Grit describes what creates outstanding achievements, based on science, interviews with high achievers from various fields and the personal history of success of the author, Angela Duckworth, uncovering that achievement isn’t reserved for the talented only, but for those with passion and perseverance.
When I hear the word grit, I always have the same image in mind immediately. A soldier has to crawl through the mud, barbed wire around him, and due to the heavy rain, he suddenly gets stuck and can’t move. But then, in a moment of almost angry defiance, he grits his teeth, pulls his foot out of the mud and crawls onward.

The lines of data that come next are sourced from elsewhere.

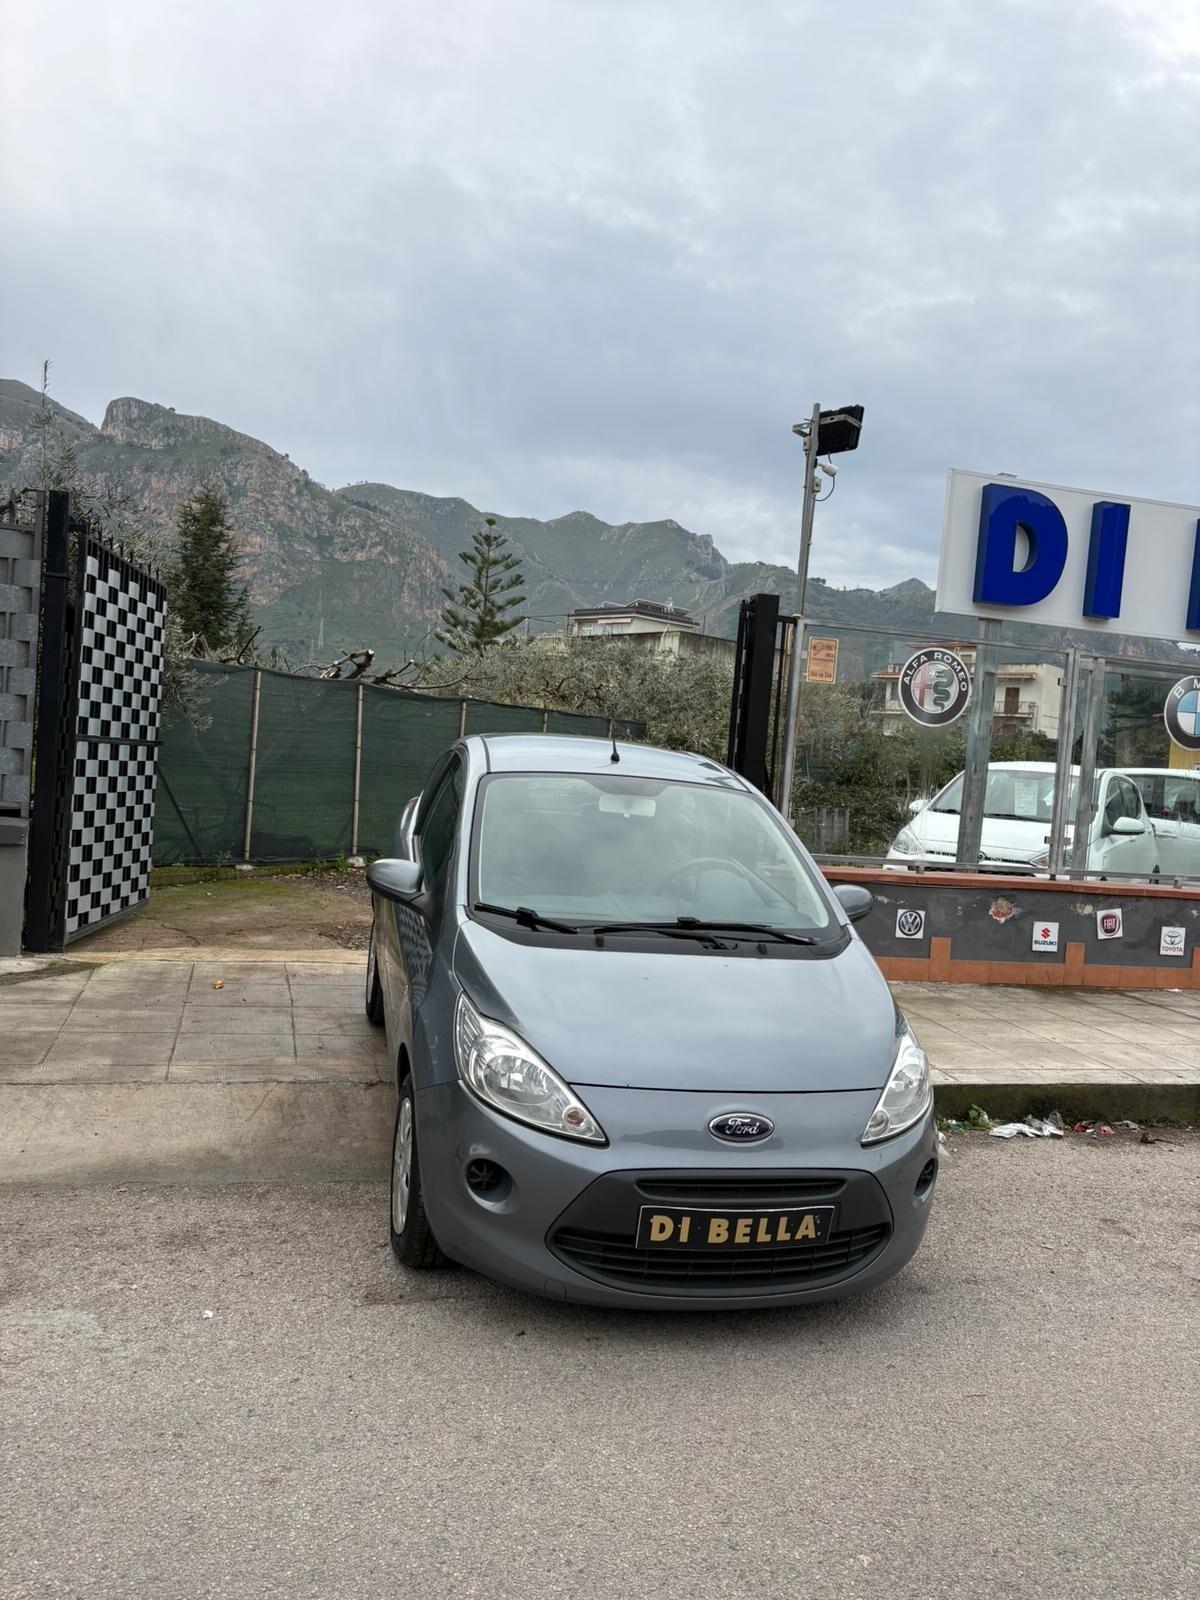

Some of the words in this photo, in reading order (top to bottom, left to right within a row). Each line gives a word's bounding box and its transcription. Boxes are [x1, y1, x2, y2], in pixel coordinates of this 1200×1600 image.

[973, 483, 1131, 619] DI
[903, 654, 929, 685] ALFA
[933, 652, 967, 692] ROMEO
[1173, 678, 1200, 699] BM
[1103, 917, 1116, 930] FIAT
[1161, 945, 1183, 953] TOYOTA
[725, 1117, 760, 1135] Ford
[650, 1214, 691, 1243] DI
[707, 1214, 816, 1244] BELLA

I’m sure it’s no coincidence the expression “to grit one’s teeth” lends itself to the title of this book, the word as a noun means courage, perseverance and fortitude. Angela Duckworth needs a lot of it herself, coming from a family in which her father often criticized her for her “lack of genius.” However, her work in psychology, which led her through Harvard, Oxford and the University of Pennsylvania, making her a 2013 MacArthur “Genius” Fellow – ironic?
No. She just knew that perseverance and passion drive effort, and effort drives achievement. That’s grit and that’s what you’ll learn about today in these 3 lessons:
Even though we say hard work is more important than talent, we still believe the opposite deep down.
Effort has a much, much bigger impact on achievement than talent.
Combine small, low-level, daily goals with a larger vision to stay consistently motivated.
Ready to become that soldier, that person who’s willing to go on, long after others have quit? Then let’s get gritty!
Lesson 1: When we say we think hard work trumps talent, we usually just bullshit ourselves.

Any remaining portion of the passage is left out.